February 2017 vs. February 2016
Year over year February Retail Sales excluding autos and food rose 5.9 percent led by a 19.6 percent increase in gasoline station sales, a 13.0 percent increase in Nonstore retail, a 7.3 percent rise in building materials, a 7.0 percent increase at health & personal care stores. Without question, the rise in gasoline station sales reflects the year over year 18 percent increase in gas prices per AAA data, while the milder winter we discussed earlier is likely pulling demand forward in construction and housing — we’ll look for February and March housing data to confirm this. The rise in gas prices reflects OPEC oil production cuts, which serves as a reminder that oil and other energy products are part of our Scarce Resource investing theme — there is only so much to be had, and production levels dictate supply.
As far as the year over year increase in health & personal care goes, it’s the same story — the Aging of the Population as Father Time is a tough customer to beat no matter how people embrace our Fountain of Youth investing theme. Finally, and certainly no surprise is the continued increase in Nonstore retail sales. Candidly, we see no slowdown in this Connected Society shift — all we need to do is look at the evolving shopping habits of the “younger” generation.
The two big declines were had were…. no surprise….. electronic & appliance stores, which fell 6 percent year over year, and department stores, which dropped 5.6 percent compared to February 2016. With hhgregg (HGG) closing a good portion of its stores and JC Penney (JCP) recently announcing even more store closures, the results of these two categories, which are likely feeling the heat from Amazon (AMZN) in particular and others benefiting from the Connected Society tailwind, the results from these two categories is anything but surprising.
If we look at the three month rolling average on both a sequential and year over year basis, the leaders remained the same — building materials, gasoline stations, Nonstore retail and health & personal care. Behind each of these there is a clear thematic tailwind, even construction and housing, which is has historically been a beneficiary of the rising aspect of our Rise & Fall of the Middle Class investing theme. We’ll have a better sense of that with tomorrow’s February Housing Starts and Building Permits report.
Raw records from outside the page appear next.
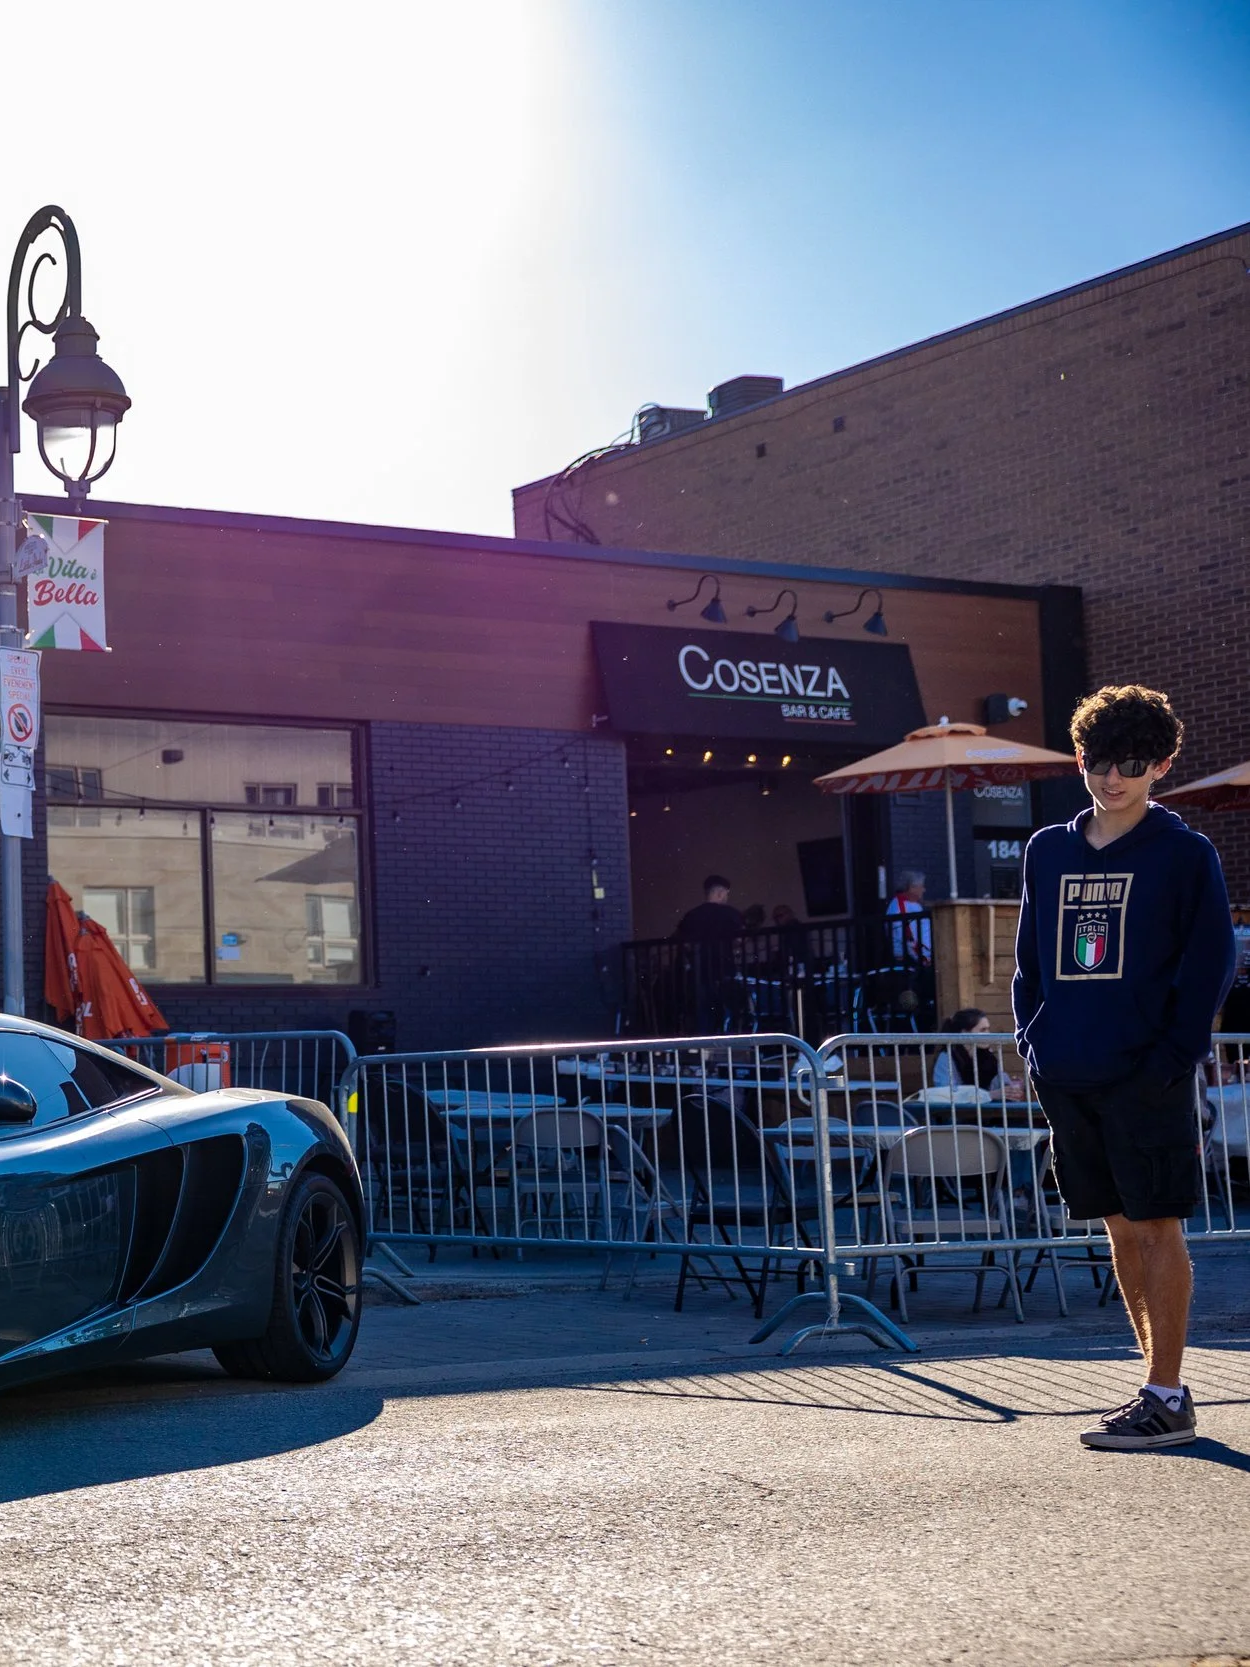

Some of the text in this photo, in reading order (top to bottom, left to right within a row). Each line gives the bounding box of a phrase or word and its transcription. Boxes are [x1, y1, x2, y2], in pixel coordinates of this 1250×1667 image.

[48, 556, 89, 579] Vita
[33, 579, 99, 606] Bella
[678, 644, 850, 699] COSENZA
[781, 703, 852, 721] BAR & CAFE
[987, 839, 1021, 859] 184
[1067, 882, 1123, 902] PUMA
[1078, 925, 1105, 934] ITALIA
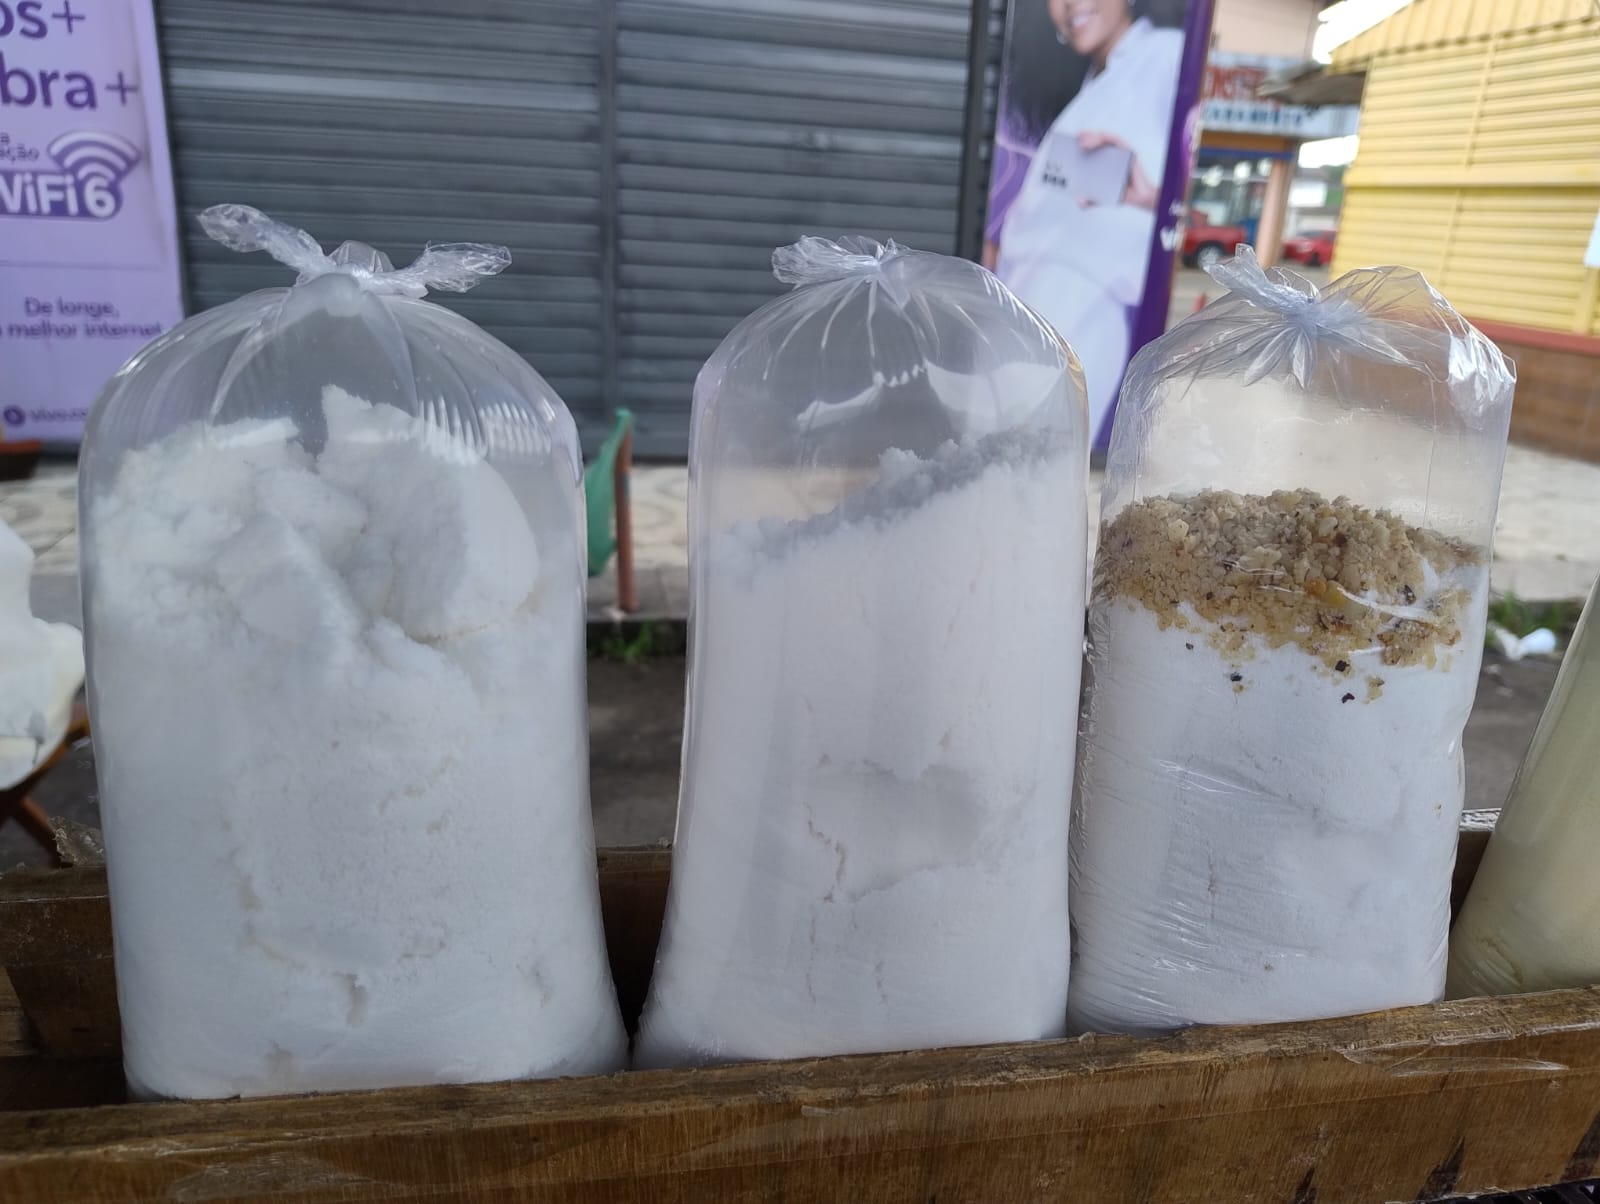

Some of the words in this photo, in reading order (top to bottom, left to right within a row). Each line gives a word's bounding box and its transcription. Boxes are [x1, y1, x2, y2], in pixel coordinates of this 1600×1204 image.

And just in case anyone was holding out hope for electronics & appliance stores and department stores, the three-month rolling averages showed continued declines on both on a sequential and year over year basis. Nothing like a thematic headwind to throw cold water on your business.
The question to us is whether we will see more M&A chatter like we saw several weeks back with Macy’s (M) and more recently with Hudson Bay (TSE:HBC) being interested in Neiman Marcus. We can understand one company picking off well-positioned assets that might improve its overall customer mix, but we suspect there will be a number of companies left standing with no dance partners when this game of retail musical chairs is over. That means more companies going the way of Wet Seal than not, which means pain for mall REIT companies like Simon Property Group (SPG).
Before we go, we have to mention the piece by Tematica’s Chief Macro Strategist, better known on the Cocktail Investing Podcast as the High Priestess of Global Macro, Lenore Hawkins, which called out the lack of weekly, year over year wage growth in February. Paired with higher prices, such as gas prices and others, that are leading to a pickup in reported inflation, it tells us our Cash-strapped Consumer investing theme has more room to go.
Hat tip to Lenore Hawkins, who added her special sauce and insights to this viewpoint.
Note: Tematica’s subscription trading service, Tematica Pro, has a short position in SPG shares.